Elle me sourit simplement en retour avant de se concentrer de nouveau sur son livre dont elle tourne une page. Je sors rapidement de la pièce, fermant la porte derrière moi pour laisser Polly tranquille.

Si j'accélère d'abord le pas en prenant le couloir qui mène au petit hall avec le toit en verre, je finis par marcher plus lentement lorsque j'y approche réellement. Parce qu'il y a cette douce chaleur qui devient de plus en plus forte lorsque je m'en approche, retournant agréablement mon estomac et me rendant particulièrement impatient.

Lorsque j'entre enfin dans le petit hall, je comprends que Polly ne s'était pas trompée. Louis est là, assis en dessous du toit en verre. Il a les jambes repliées sur son torse et la tête légèrement renversée en arrière. Je profite qu'il ne me voit pas encore pour remarquer la façon dont les reflets de la lune semblent tracer les traits de son visage et plus particulièrement son profil gauche. Le droit est un peu plus dans l'obscurité, un peu comme la face cachée de la lune. Je ne sais pas pourquoi, mais ce détail me fait sourire.

Je m'en veux presque de l'arracher à sa contemplation lorsque je décide d'avancer vers lui. En entendant mes pas, Louis sursaute, me confirmant que je l'arrache à ses pensées. Son regard surpris se pose sur moi mais je ne vois que la façon dont ses yeux semblent encore plus clairs sous les reflets de la Lune. Tourné vers moi, plus aucune partie de son visage n'est cachée par l'obscurité.

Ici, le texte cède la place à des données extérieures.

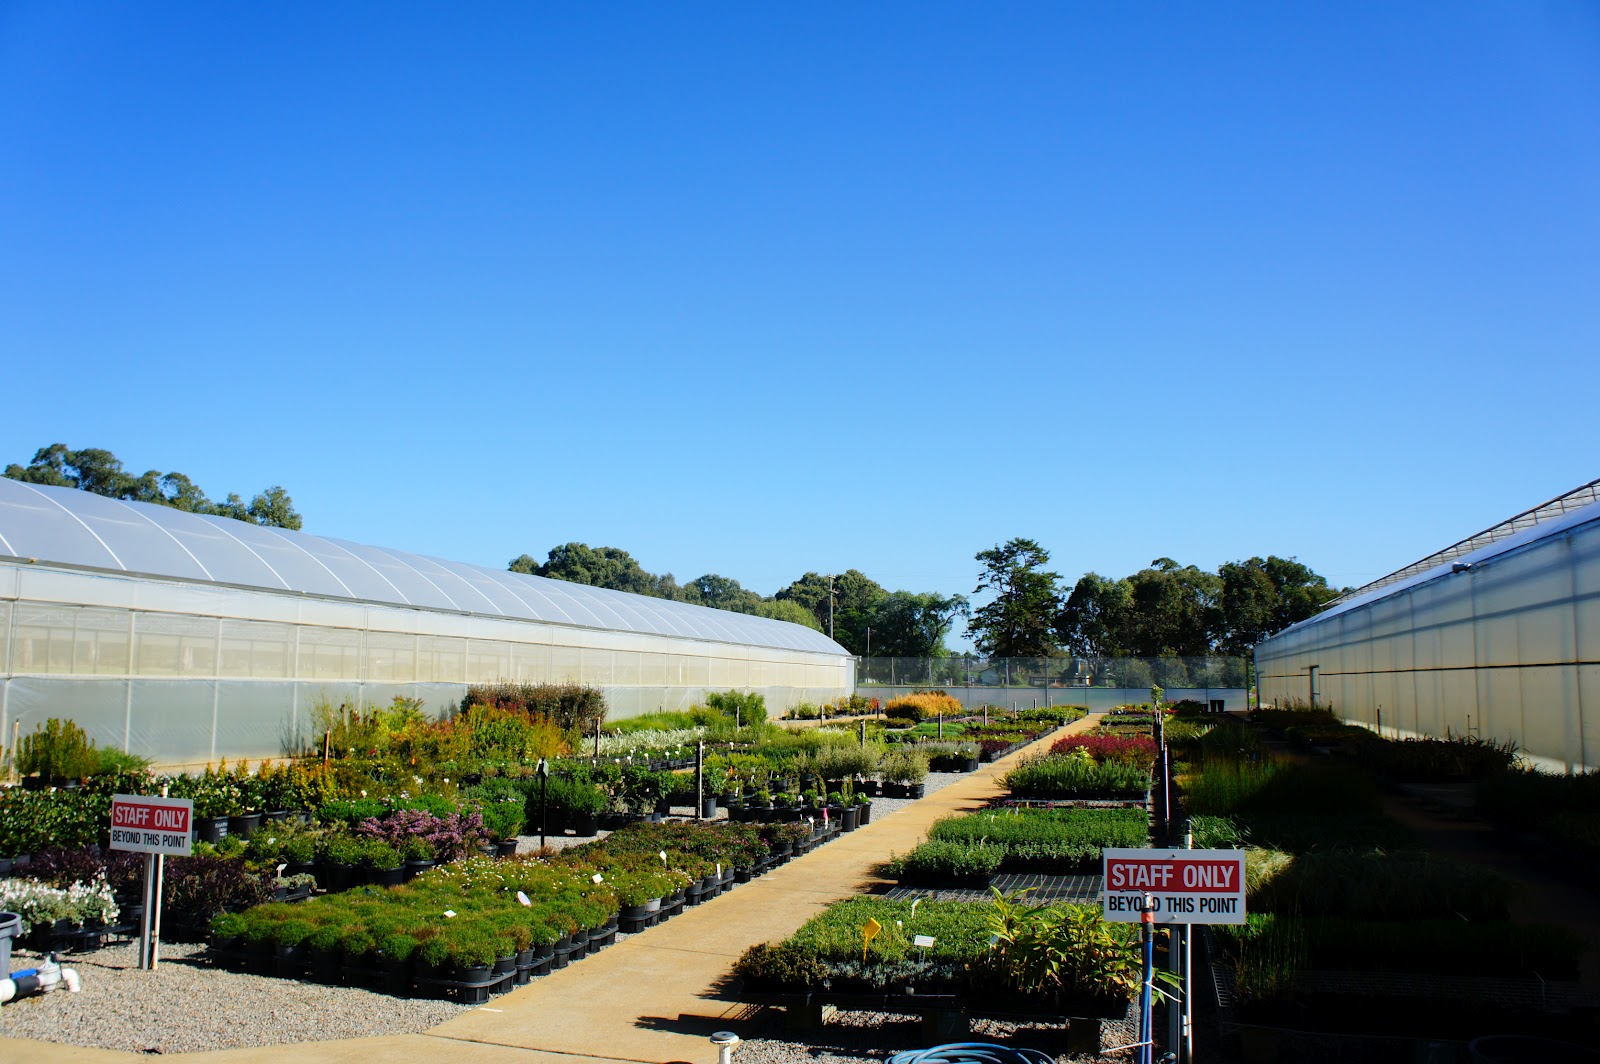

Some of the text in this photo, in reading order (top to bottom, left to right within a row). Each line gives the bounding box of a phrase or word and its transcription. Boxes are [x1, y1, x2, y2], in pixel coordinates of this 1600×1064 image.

« Salut. » Il me lance maladroitement, s'attendant définitivement pas à me voir là.

« Je peux rester avec toi? »

Et lorsque je lâche cette phrase sans réfléchir, je sais que ça nous surprend tous les deux. Louis me regarde et, pendant un instant, je me dis qu'il va me dire non. Qu'il va m'avouer que c'est fatiguant la façon dont je peux souffler le chaud et le froid. Il y a trois jours, je cherchais sa main du bout des doigts et juste après je l'ignorais.

« Oui. » Il me répond pourtant.

La chaleur traverse une nouvelle fois ma poitrine, comme pour me rappeler qu'elle est toujours là. Qu'elle est même là plus que jamais. Je souris légèrement, faisant sourire Louis en retour qui me suit du regard lorsque je viens m'asseoir à ses côtés. Pendant un instant, on se regarde sans parler. Jusqu'à ce que je lâche son visage pour regarder le ciel étoilé au dessus de nous. Je comprends pourquoi Louis aime bien cet endroit. Je l'aime bien aussi. C'est peut-être même le seul endroit que j'apprécie ici. Ce trou dans le ciel nous donnerait presque l'impression que c'est beau à l'extérieur. Peut-être que c'est fait exprès, d'ailleurs. Peut-être qu'ils aiment bien nous donner cette illusion.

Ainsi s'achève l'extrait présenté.